What the task asks: Output must consist only of the lines of the material below from the one with "this 1600×1200 image." through the one with "Some of the text", each reproduced exactly; no pictures belong in it.

Extracted data:

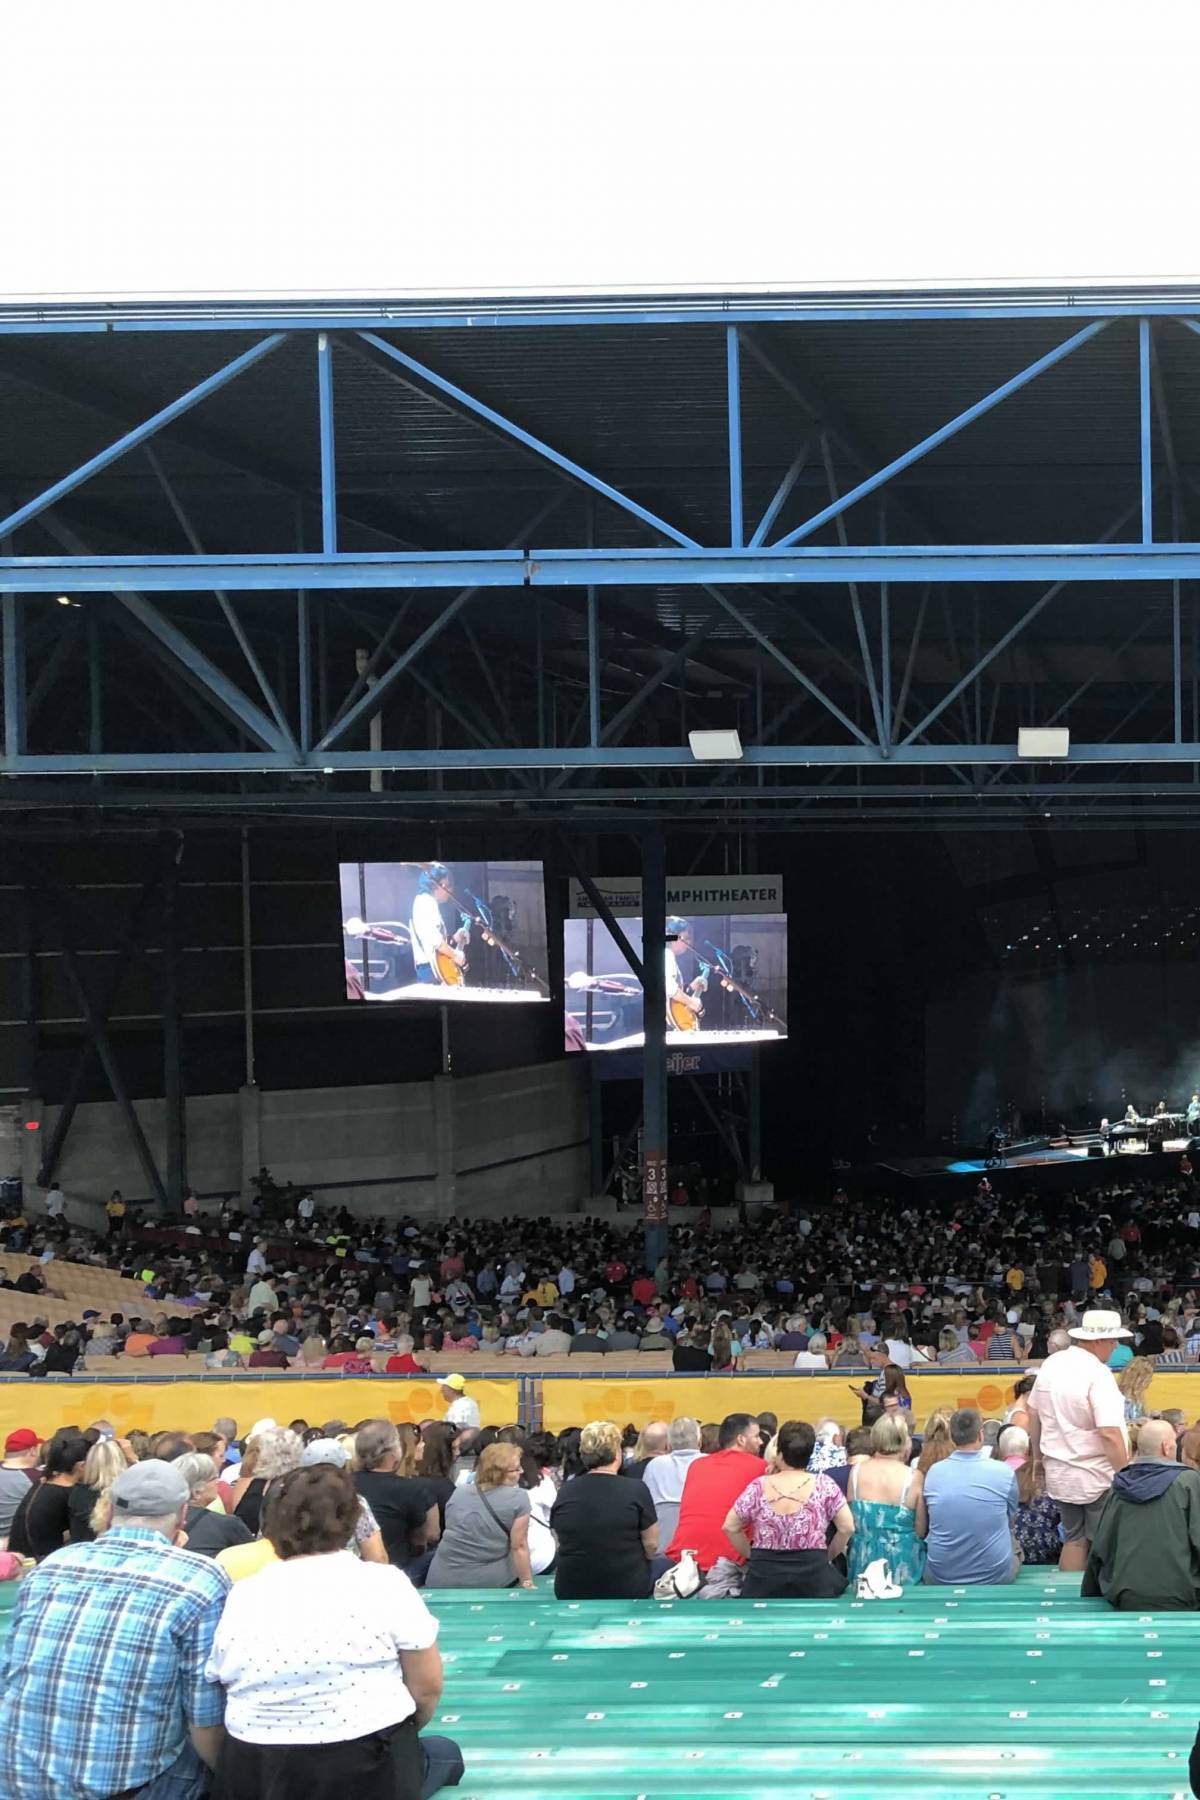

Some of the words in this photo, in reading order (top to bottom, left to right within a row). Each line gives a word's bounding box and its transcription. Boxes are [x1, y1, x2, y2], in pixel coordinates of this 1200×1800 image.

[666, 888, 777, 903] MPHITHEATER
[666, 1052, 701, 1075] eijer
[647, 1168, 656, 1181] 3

...

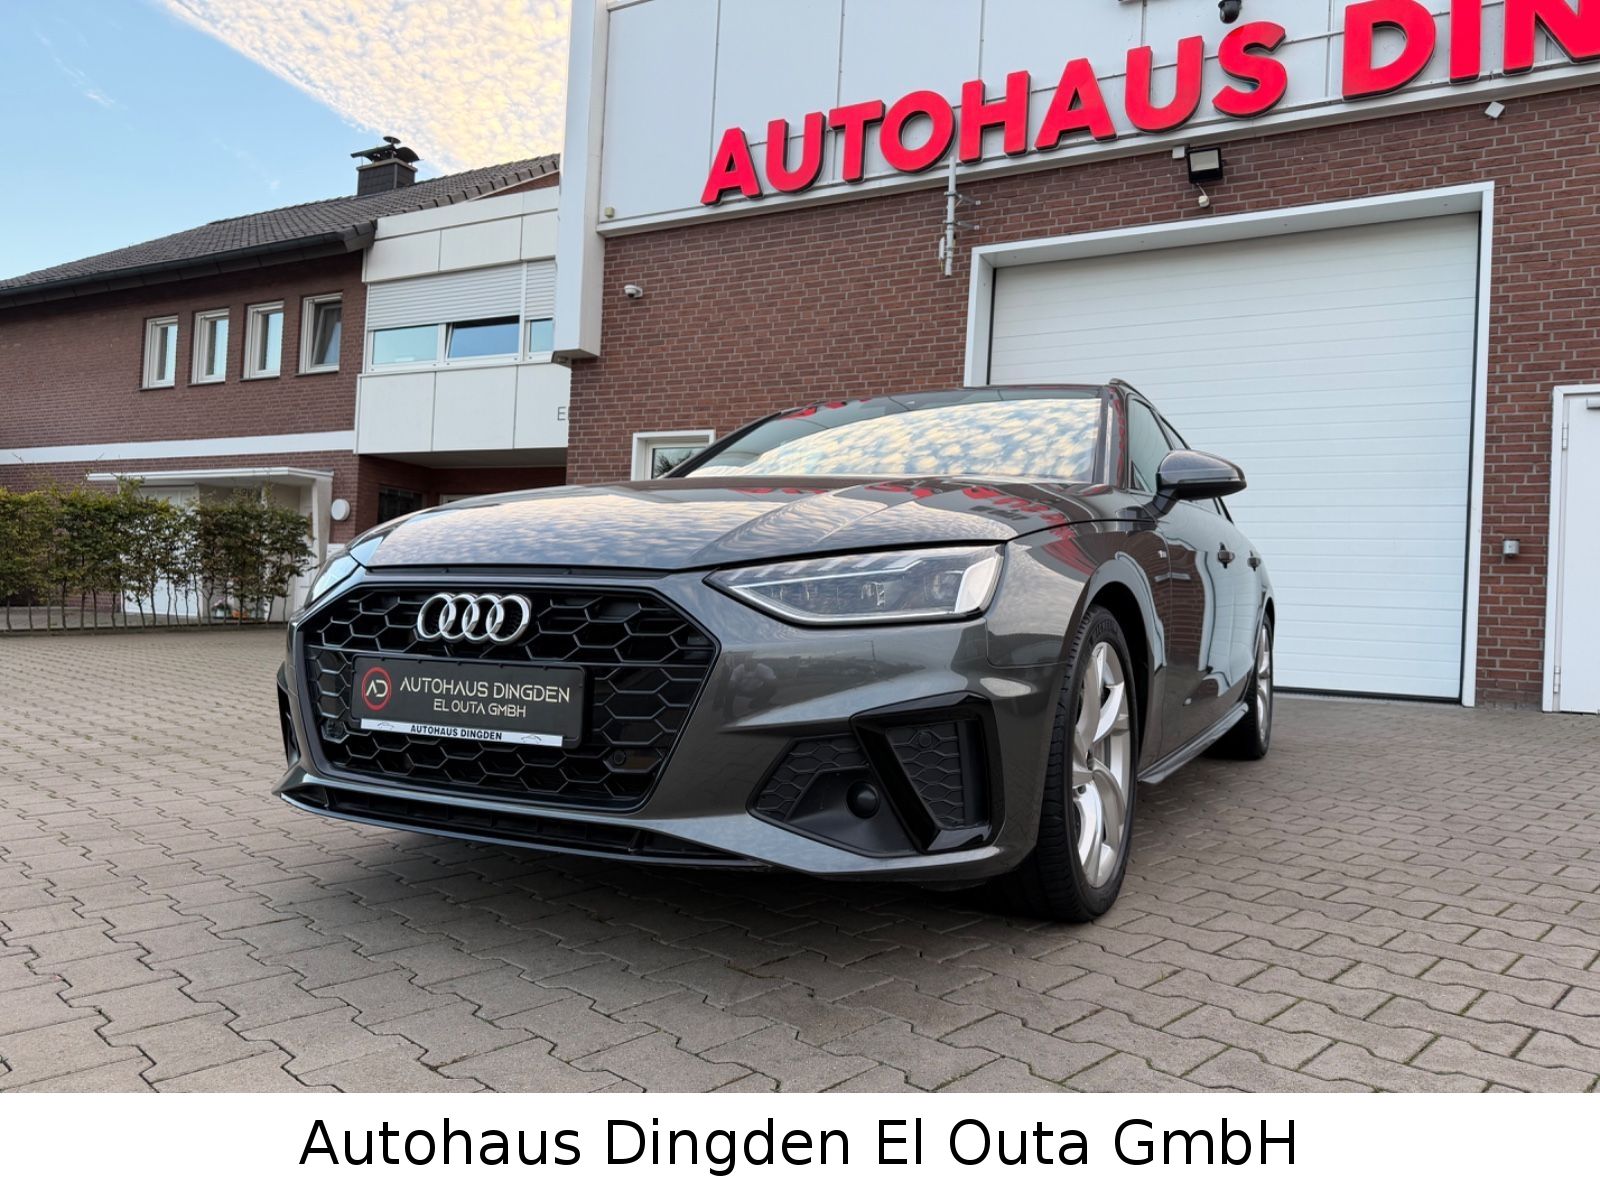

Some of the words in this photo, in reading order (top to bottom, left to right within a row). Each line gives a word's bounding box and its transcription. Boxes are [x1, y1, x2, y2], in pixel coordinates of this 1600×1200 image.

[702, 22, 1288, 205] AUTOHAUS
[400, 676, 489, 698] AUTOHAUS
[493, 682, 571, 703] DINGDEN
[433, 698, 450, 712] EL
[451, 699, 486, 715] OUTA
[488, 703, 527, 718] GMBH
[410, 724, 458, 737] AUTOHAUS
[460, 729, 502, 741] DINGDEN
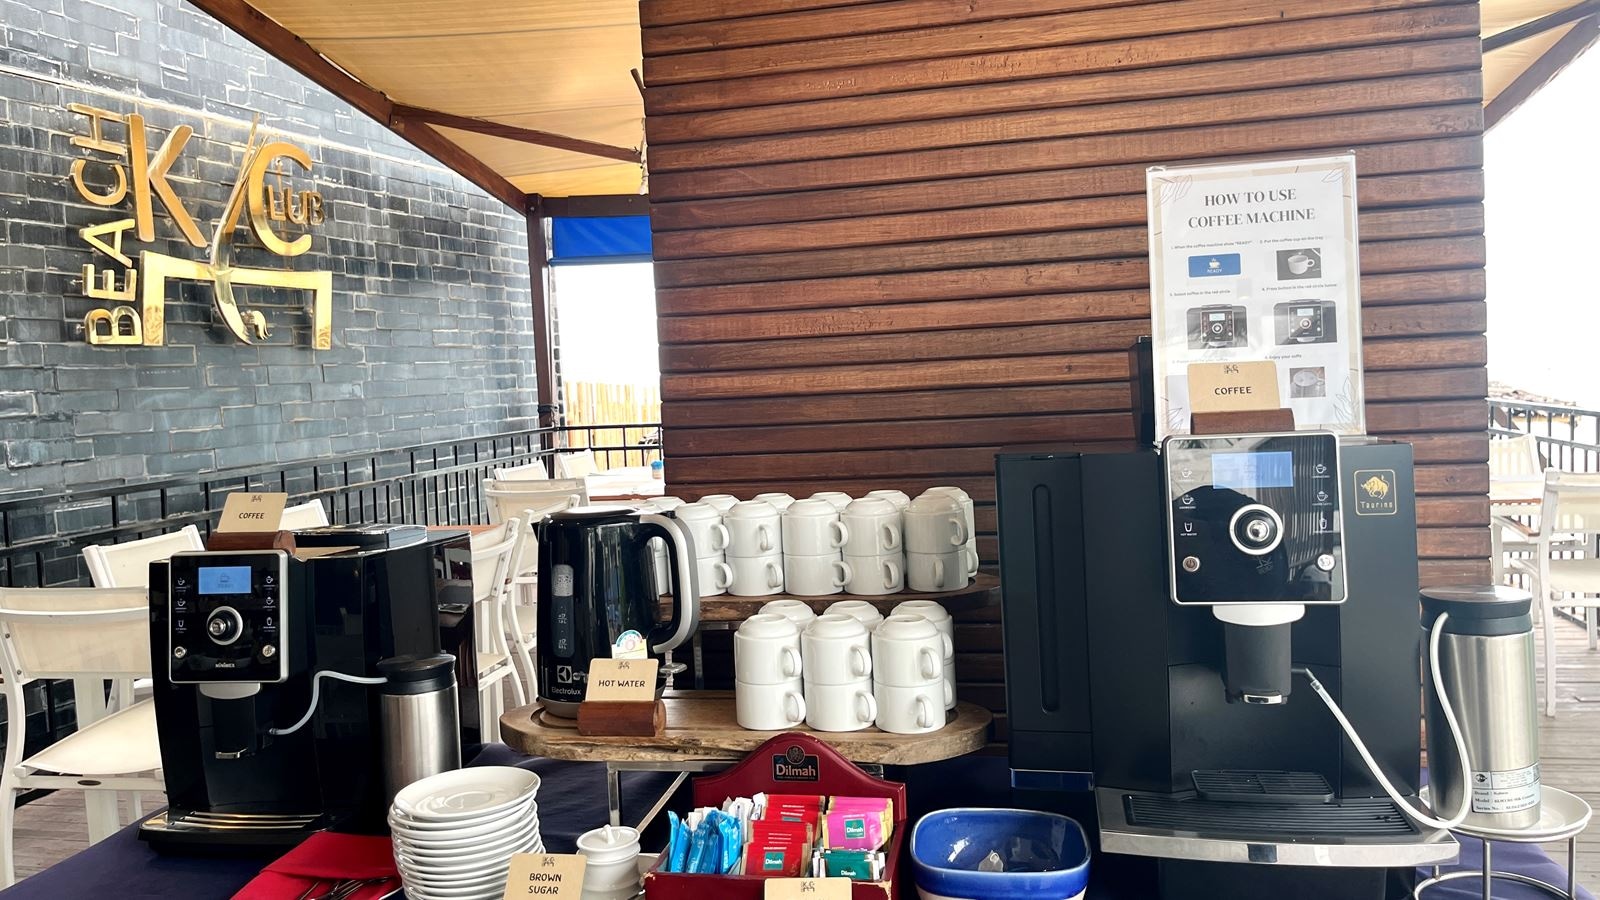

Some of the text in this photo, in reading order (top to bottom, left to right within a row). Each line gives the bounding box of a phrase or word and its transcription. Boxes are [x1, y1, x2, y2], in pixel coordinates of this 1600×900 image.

Solution:
Some of the words in this photo, in reading order (top to bottom, left to right within a row). Each line gives a word's bounding box and its transcription. Boxes are [x1, y1, x2, y2], in pixel coordinates of this 1600×1200 image.

[702, 22, 1288, 205] AUTOHAUS
[400, 676, 489, 698] AUTOHAUS
[493, 682, 571, 703] DINGDEN
[433, 698, 450, 712] EL
[451, 699, 486, 715] OUTA
[488, 703, 527, 718] GMBH
[410, 724, 458, 737] AUTOHAUS
[460, 729, 502, 741] DINGDEN

Some of the text in this photo, in reading order (top to bottom, left to right within a row). Each line gives the bounding box of a phrase or word and its transcription. Boxes are [x1, y1, x2, y2], in pixel coordinates of this 1600×900 image.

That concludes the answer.